**Work item:**
Below is a set of records. Repeat them verbatim without the pictures.

**Referring expression grounding data:**
:::::
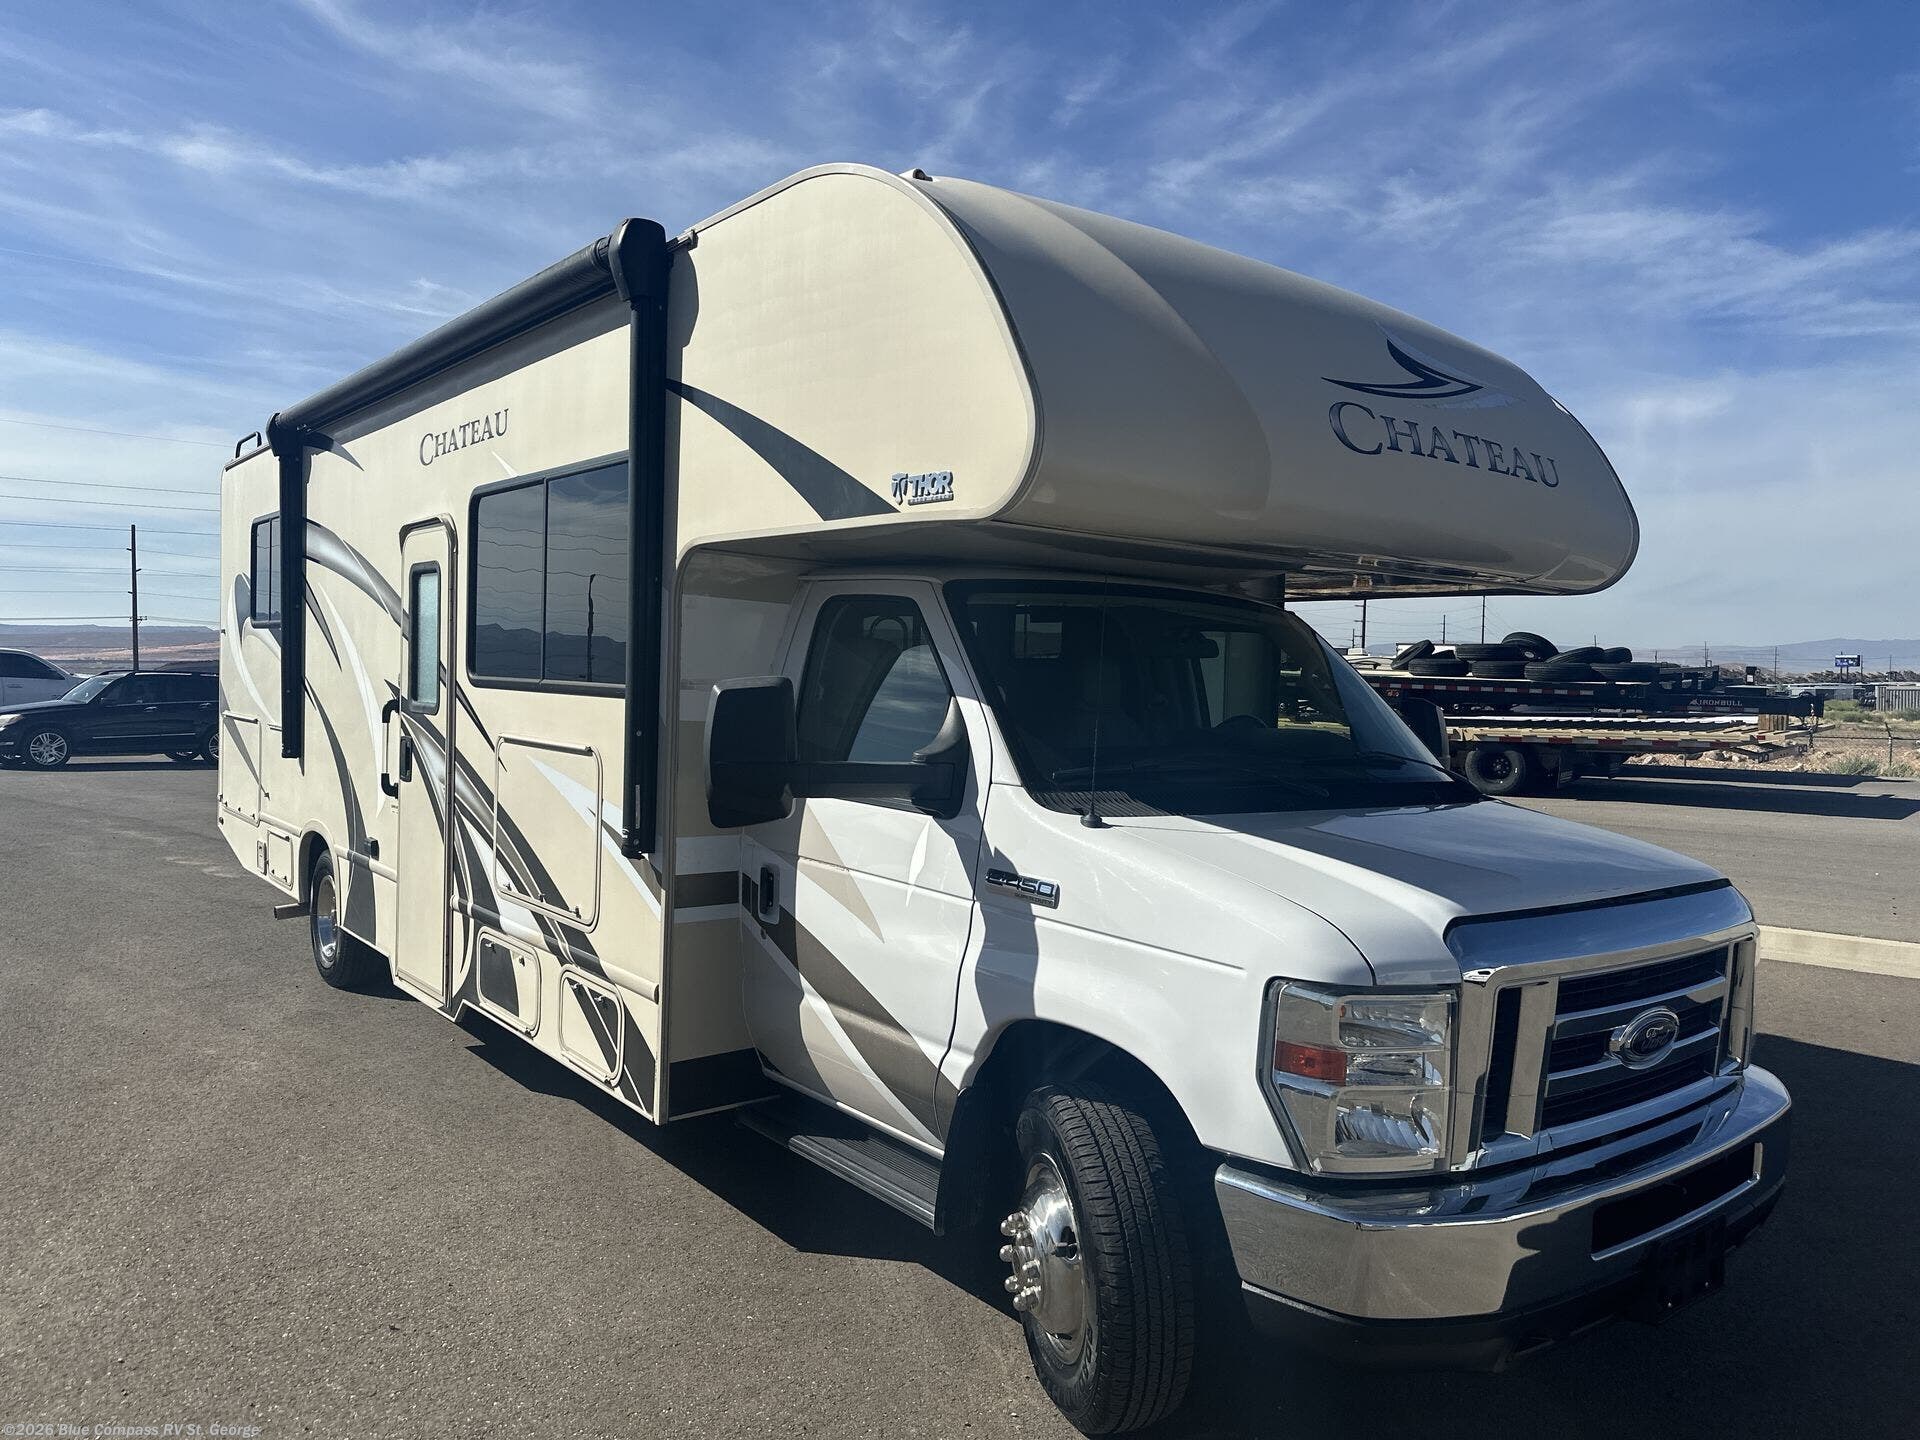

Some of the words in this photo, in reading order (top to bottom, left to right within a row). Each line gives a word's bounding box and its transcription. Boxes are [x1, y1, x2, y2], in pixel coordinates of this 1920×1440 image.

[419, 408, 509, 466] CHATEAU
[1328, 401, 1560, 488] CHATEAU
[908, 470, 953, 498] THOR
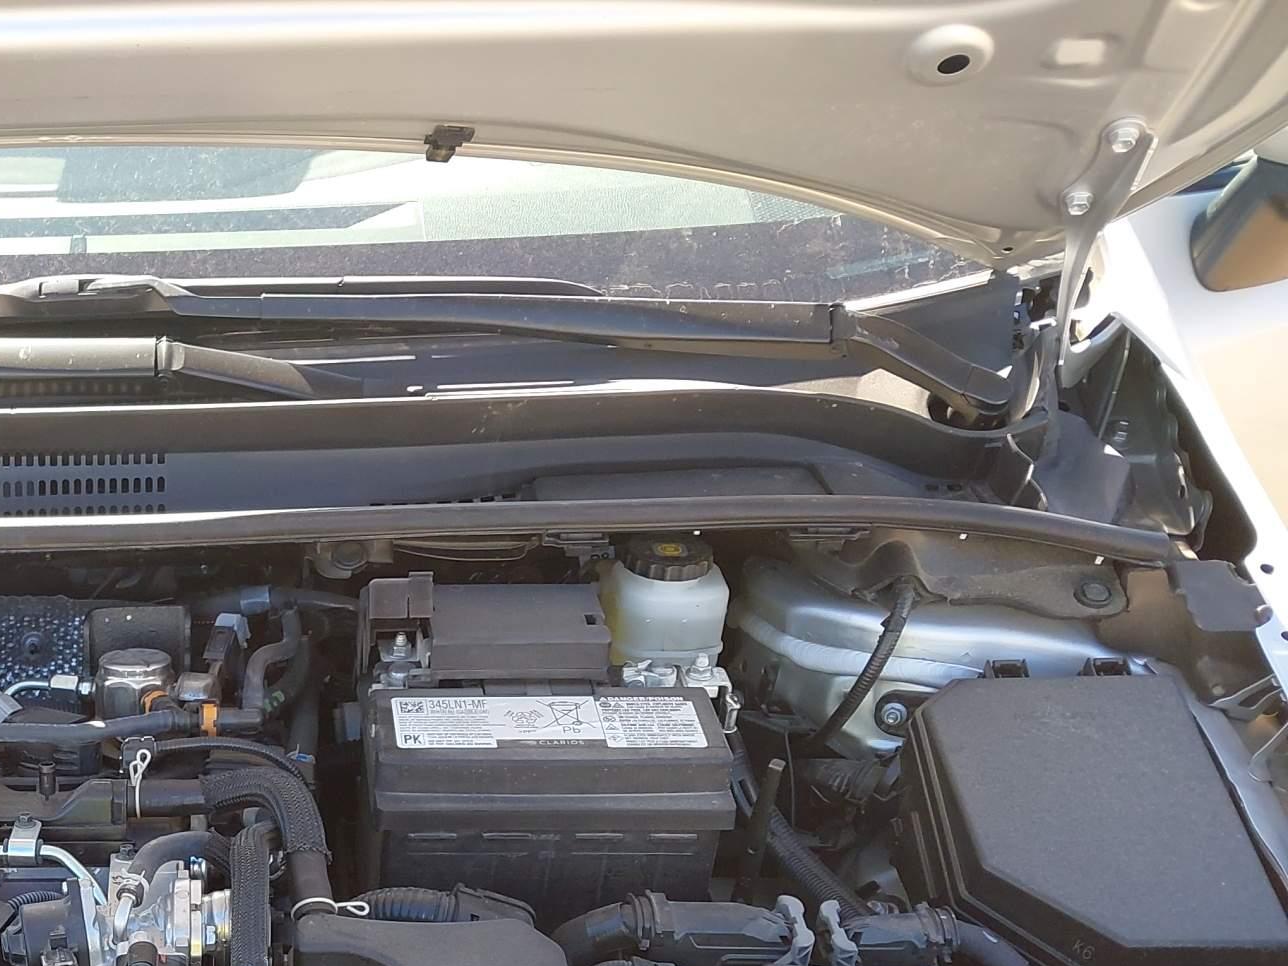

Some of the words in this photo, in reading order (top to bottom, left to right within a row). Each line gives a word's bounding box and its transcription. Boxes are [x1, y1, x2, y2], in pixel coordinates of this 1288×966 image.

[428, 699, 487, 709] 345LN1-MF
[562, 726, 581, 734] Pb
[403, 734, 422, 744] PK
:::::
**Exercise result:**
Some of the words in this photo, in reading order (top to bottom, left to right within a row). Each line gives a word's bounding box and its transcription. Boxes are [x1, y1, x2, y2], in pixel coordinates of this 1920×1440 image.

[419, 408, 509, 466] CHATEAU
[1328, 401, 1560, 488] CHATEAU
[908, 470, 953, 498] THOR

Some of the words in this photo, in reading order (top to bottom, left to right within a row). Each line gives a word's bounding box and its transcription. Boxes are [x1, y1, x2, y2], in pixel coordinates of this 1288×966 image.

[428, 699, 487, 709] 345LN1-MF
[562, 726, 581, 734] Pb
[403, 734, 422, 744] PK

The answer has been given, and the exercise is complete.